The King agreed to let d’Eon return to France and offered a life annuity of 12,000 livres a year if they surrendered the documents, left de Guerchy alone … and agreed to dress as a woman for the rest of their life in exchange for being legally proclaimed female.

“Louis 16th thought d’Eon really was and had always been a woman,” Kates says. Plus, declaring d’Eon legally female was politically expedient: “There weren’t women ambassadors or diplomats, so d’Eon couldn’t rise to power again. It was a clever way of marginalizing [them],” Mainz says. The Transaction, as the agreement came to be known, was signed in 1775.

At this point, d’Eon was still wearing male clothing. The King commanded his wife Marie-Antoinette’s personal dressmaker, Rose Bertin, to create a new wardrobe for d’Eon fit for a noblewoman. The transition wasn’t easy: “These ladies, to bring me to my predetermined point of perfection, make me suffer martyrdom so as to transform me into an elegant woman,” d’Eon complained. “It is more difficult to equip a lady than a company of Dragoons from head to foot.”

Femme Forte

France had publicly proclaimed d’Eon a woman, and England soon followed in a widely publicized court case. “She is the most extraordinary person of the age,” wrote Edmund Burke in his London paper, The Annual Register. “We have several times seen women metamorphosed into men, and doing their duty in the war, but we have seen no one who has united so many military, political, and literary talents.” Sought out by Benjamin Franklin, Voltaire, and Rousseau, d’Eon was a cause célèbre in Europe. 

“D’Eon not only crossed the gender barrier, living every day of their life as a woman from age 49-82, they did so as a public celebrity, not in domestic retirement,” says Kates. “D’Eon needed narratives that the European public would accept to explain their gender behavior.” D’Eon claimed they had been born female and were forced to conceal their gender by their father so they could inherit his estate. D’Eon maintained that they continued to dress as a man in order to gain glory for France as a diplomat and soldier. “D’Eon sets [themselves] up as a model for other strong women in the tradition of the femme forte,” says Mainz, a tradition that included Joan of Arc and the Amazons praised by Herodotus.

Mary Wollstonecraft singled out d’Eon in The Vindication of The Rights of Woman as a paragon of what was possible when women were given equal access to education. “For early feminists like Mary Wollstonecraft and her generation, d’Eon proved that if women were given the same opportunities as men in terms of education and training, there is nothing they can’t do,” says Kates.

Did you know? The Chevalier d’Eon was a Freemason.
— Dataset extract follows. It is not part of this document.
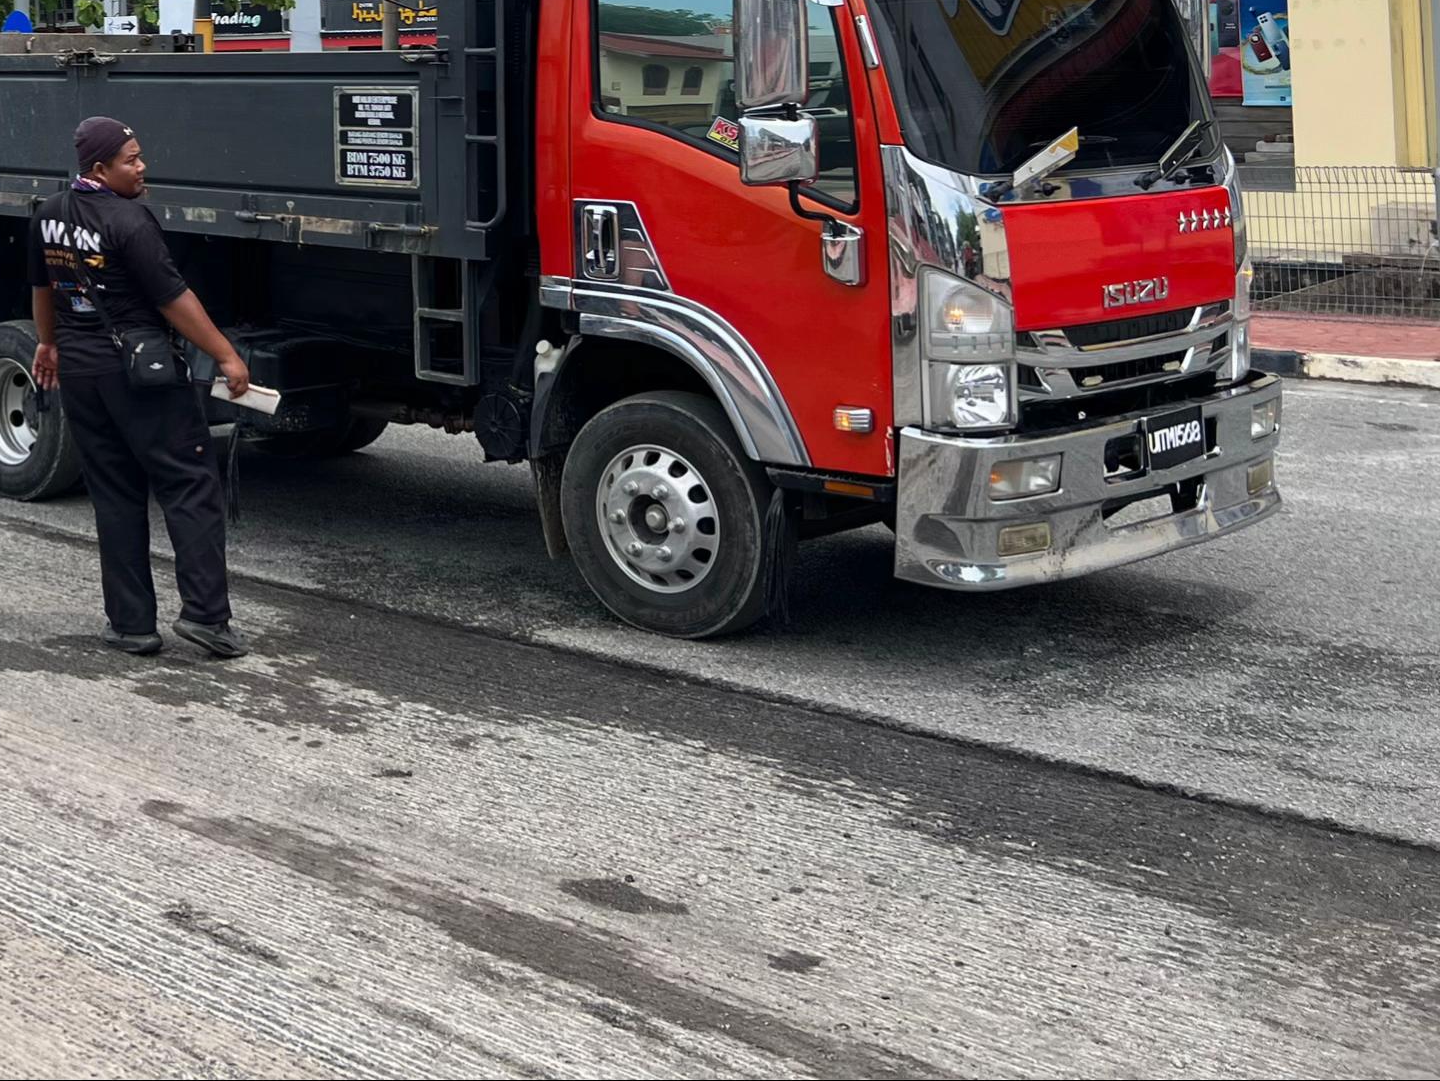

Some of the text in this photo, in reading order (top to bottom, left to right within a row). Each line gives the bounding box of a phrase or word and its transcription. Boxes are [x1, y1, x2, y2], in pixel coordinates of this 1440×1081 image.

[211, 12, 262, 27] Trading
[346, 151, 406, 165] BDM 7500 KG
[346, 164, 407, 178] BTM 3750 KG
[1102, 277, 1168, 308] ISUZU
After they were publicly declared female, their local lodge voted to accept them as their first female member.

The Chevalier d'Eon's Legacy

During The French Revolution, d’Eon’s family estate in Tonnerre was seized and King Louis XVI executed. With the Transaction nullified, d’Eon was left with no pension and no home but was now legally free to dress as they pleased. D’Eon chose to dress exclusively as a woman for the final 33 years of their life. In London, d’Eon supported themselves by fencing in women’s clothing. When France entered the American Revolution on the side of the colonists in 1778, d’Eon offered to lead an army of women. The offer was declined.

D’Eon became increasingly religious and began writing their memoirs, which were not published in their lifetime. “What I am writing is not for the feeble souls of this century,” d’Eon wrote. “How much I have suffered in body and soul. All that I know is that my transformation has made me into a new creature.”
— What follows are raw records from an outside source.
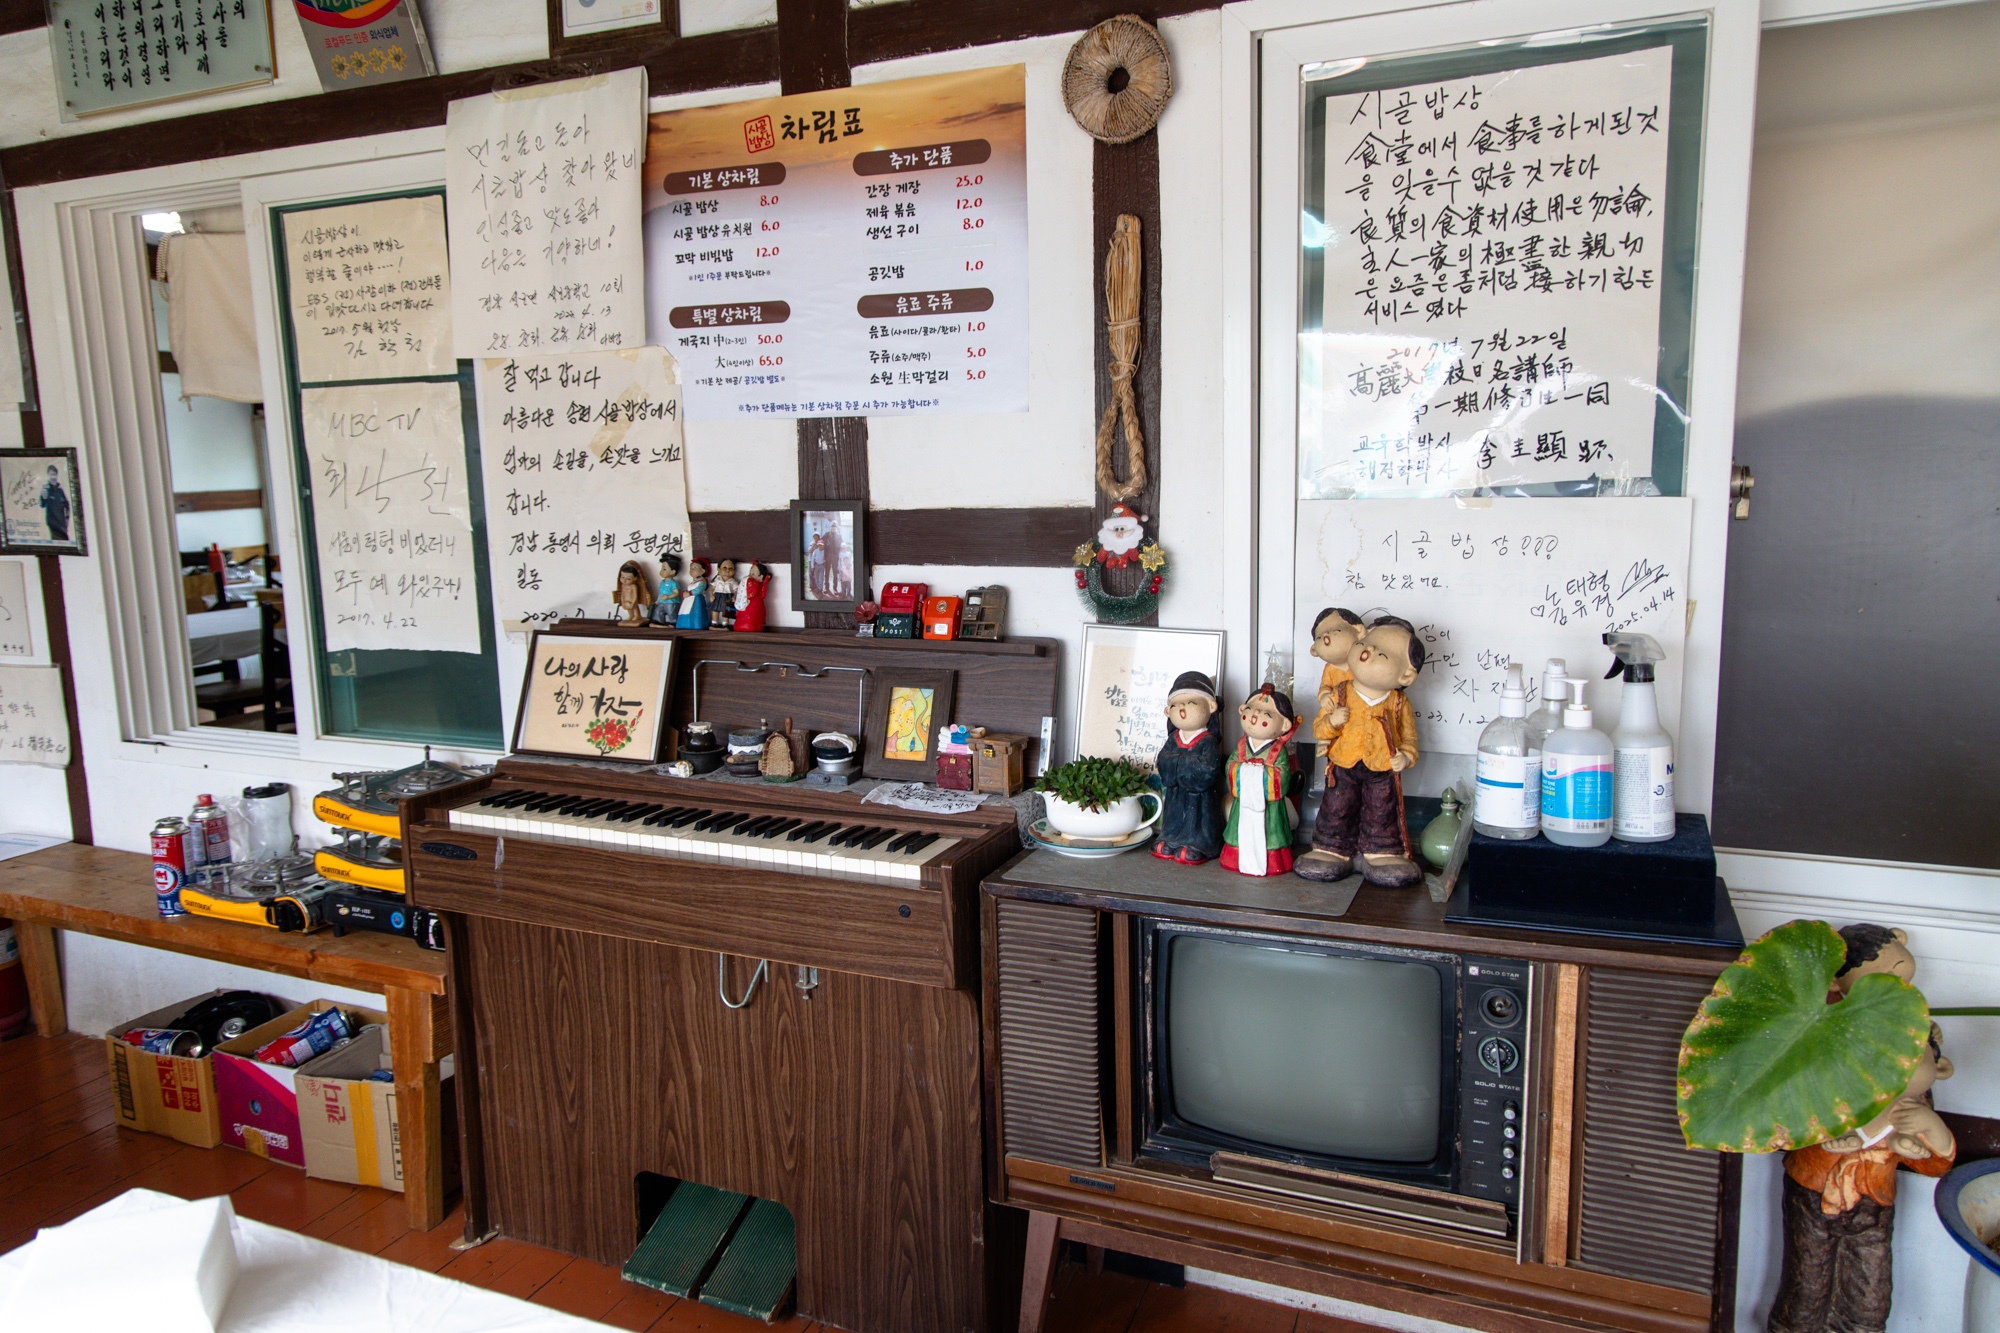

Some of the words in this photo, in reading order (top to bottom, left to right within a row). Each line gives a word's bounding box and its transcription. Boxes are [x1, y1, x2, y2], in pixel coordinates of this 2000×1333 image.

[171, 0, 189, 55] 기라
[193, 0, 211, 75] 호와께
[324, 34, 353, 48] 로컬푸드
[353, 31, 369, 44] 인증
[369, 26, 399, 41] 외식업체
[1349, 84, 1482, 130] 시골밥상
[781, 107, 864, 144] 차림표
[889, 152, 919, 170] 추가
[922, 145, 953, 167] 단품
[1550, 153, 1600, 180] 같다
[689, 171, 713, 189] 기본
[717, 168, 760, 187] 상차림
[865, 183, 891, 199] 간장
[895, 180, 921, 195] 게장
[956, 175, 984, 188] 25.0
[672, 201, 692, 216] 시골
[695, 199, 719, 214] 밥상
[760, 195, 779, 207] 8.0
[866, 204, 889, 220] 제육
[894, 202, 916, 218] 볶음
[956, 197, 983, 210] 12.0
[673, 226, 693, 241] 시골
[761, 220, 780, 232] 6.0
[866, 225, 892, 240] 생선
[896, 223, 919, 238] 구이
[962, 217, 984, 230] 8.0
[675, 252, 696, 264] 꼬막
[700, 248, 734, 263] 비빔밥
[756, 246, 780, 258] 12.0
[868, 264, 905, 282] 공깃밥
[965, 260, 984, 272] 1.0
[1355, 277, 1379, 299] 은
[896, 296, 921, 314] 음료
[926, 293, 954, 311] 주류
[1364, 298, 1420, 326] 서비스
[692, 308, 718, 325] 특별
[720, 306, 762, 323] 상차림
[967, 321, 986, 332] 1.0
[678, 334, 710, 349] 게국지
[757, 334, 783, 345] 50.0
[966, 347, 987, 358] 5.0
[758, 355, 784, 367] 65.0
[503, 359, 520, 392] 잘
[524, 364, 552, 390] 먹고
[557, 361, 602, 389] 갑니다
[870, 371, 893, 385] 소원
[966, 369, 987, 381] 5.0
[800, 402, 816, 412] 기본
[817, 401, 843, 412] 상차림
[844, 401, 860, 411] 주문
[862, 400, 870, 409] 시
[873, 399, 889, 409] 추가
[327, 411, 381, 438] MBC
[386, 407, 421, 431] TV
[502, 406, 555, 433] 아름다운
[503, 445, 541, 475] 엄마의
[508, 530, 540, 556] 경남
[542, 529, 580, 555] 통영시
[586, 529, 616, 555] 의회
[516, 562, 543, 591] 일동
[544, 656, 580, 678] 나의
[582, 653, 629, 684] 사랑
[553, 681, 584, 715] 함께
[590, 687, 643, 718] 가자
[1475, 1080, 1496, 1088] SOLID
[1499, 1084, 1520, 1092] STATE
[322, 1083, 346, 1125] 캔디
D’Eon died in poverty on May 21, 1810. Their body was discovered by their roommate of 14 years, a Mrs. Cole, who was so shocked by what she saw that she called in medical professionals who determined that d’Eon was biologically male. The press seized on the story: “They painted d’Eon as one of the greatest con men in history—an actor who made people believe something that was utterly untrue,” says Kates. “That narrative dominates the discourse on d’Eon in the 19th century until new ideas about sexuality retrieve d’Eon as not a faker, but someone who was exploring their gender identity,” says Kates. “D’Eon is still a popular figure in the media and pop culture and is regarded as a founding figure in the transgender community.”